──────── Input data ────────
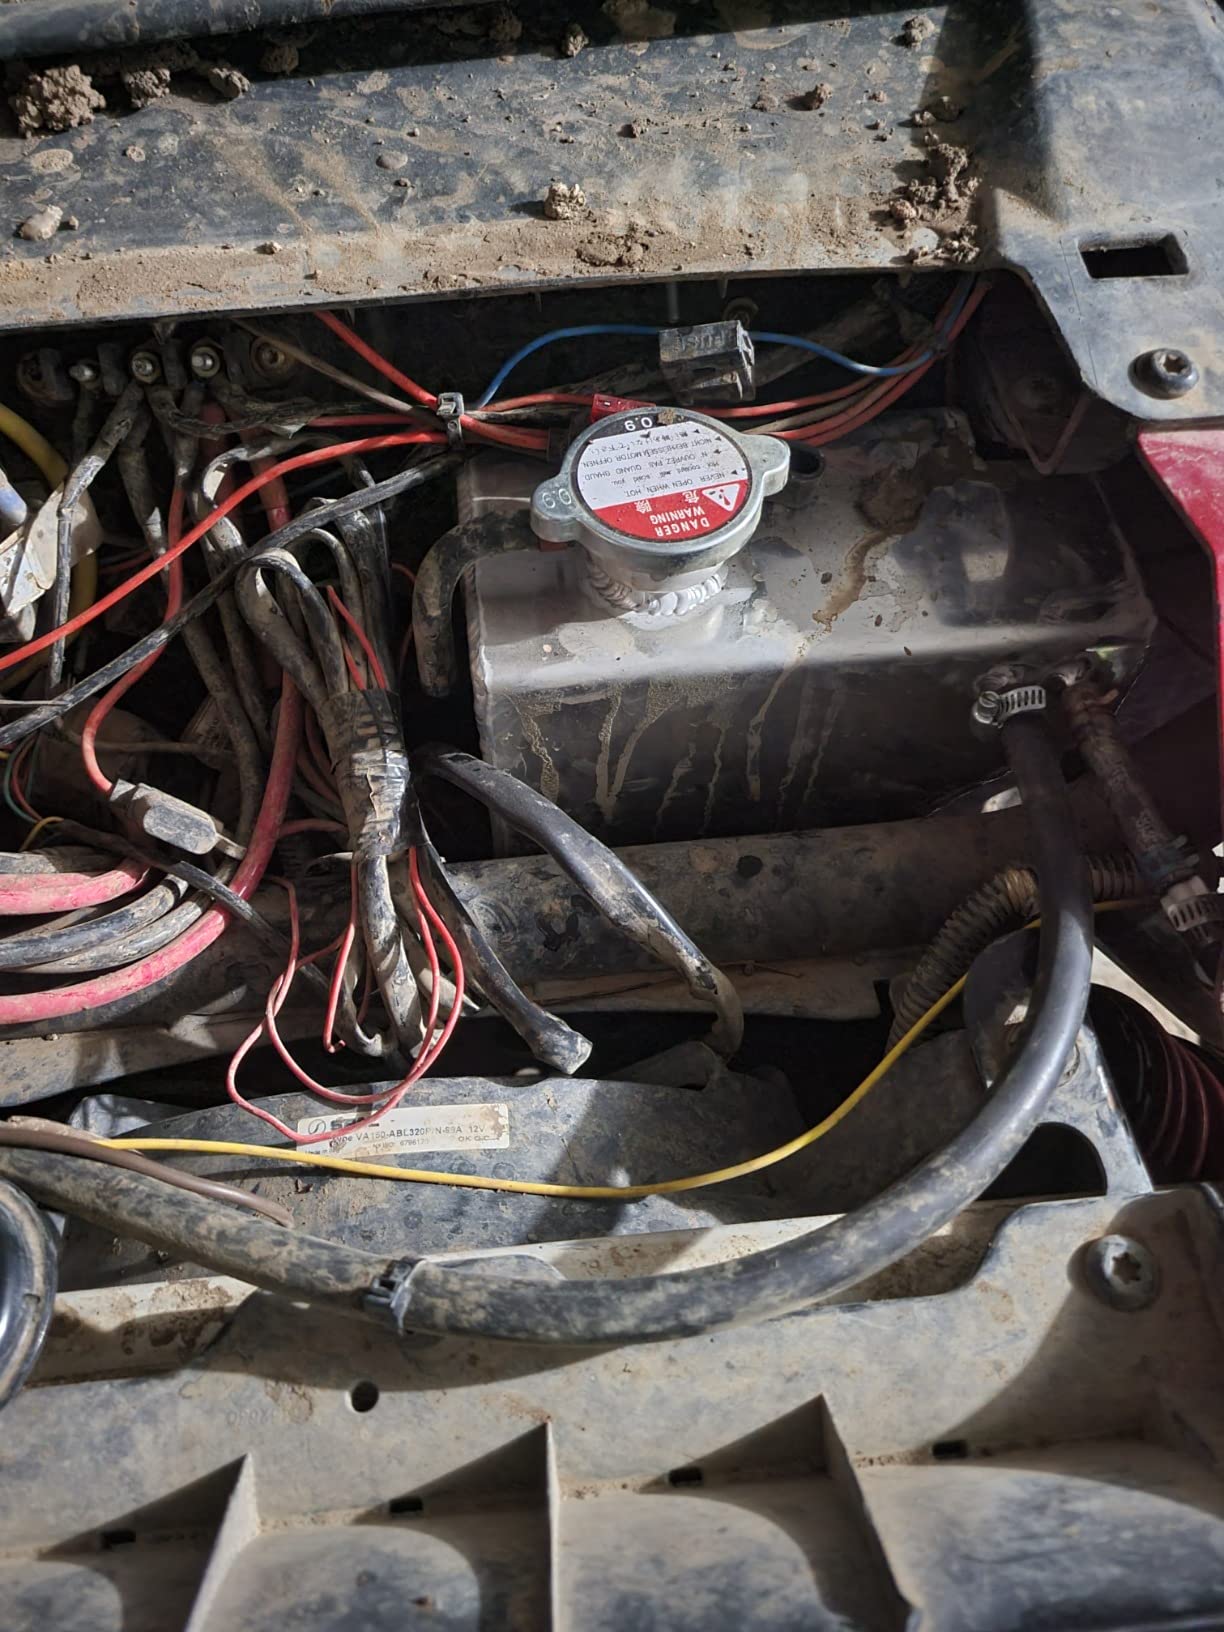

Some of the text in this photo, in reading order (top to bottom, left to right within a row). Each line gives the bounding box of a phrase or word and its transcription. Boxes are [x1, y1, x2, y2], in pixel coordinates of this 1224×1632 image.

[624, 417, 653, 431] 0.9
[691, 438, 712, 447] NICHT
[615, 452, 642, 462] MOTOR
[615, 464, 642, 474] QUAND
[648, 460, 663, 468] PAS
[700, 472, 725, 482] NEVER
[647, 484, 670, 493] WHEN
[672, 479, 693, 488] OPEN
[542, 488, 572, 508] 0.9
[650, 506, 705, 525] WARNING
[655, 518, 710, 537] DANGER
────────
- **What needs to be done**
Every line above should be returned word for word, with the pictures left behind.

- **Response box**
Some of the text in this photo, in reading order (top to bottom, left to right within a row). Each line gives the bounding box of a phrase or word and its transcription. Boxes are [x1, y1, x2, y2], in pixel coordinates of this 1224×1632 image.

[624, 417, 653, 431] 0.9
[691, 438, 712, 447] NICHT
[615, 452, 642, 462] MOTOR
[615, 464, 642, 474] QUAND
[648, 460, 663, 468] PAS
[700, 472, 725, 482] NEVER
[647, 484, 670, 493] WHEN
[672, 479, 693, 488] OPEN
[542, 488, 572, 508] 0.9
[650, 506, 705, 525] WARNING
[655, 518, 710, 537] DANGER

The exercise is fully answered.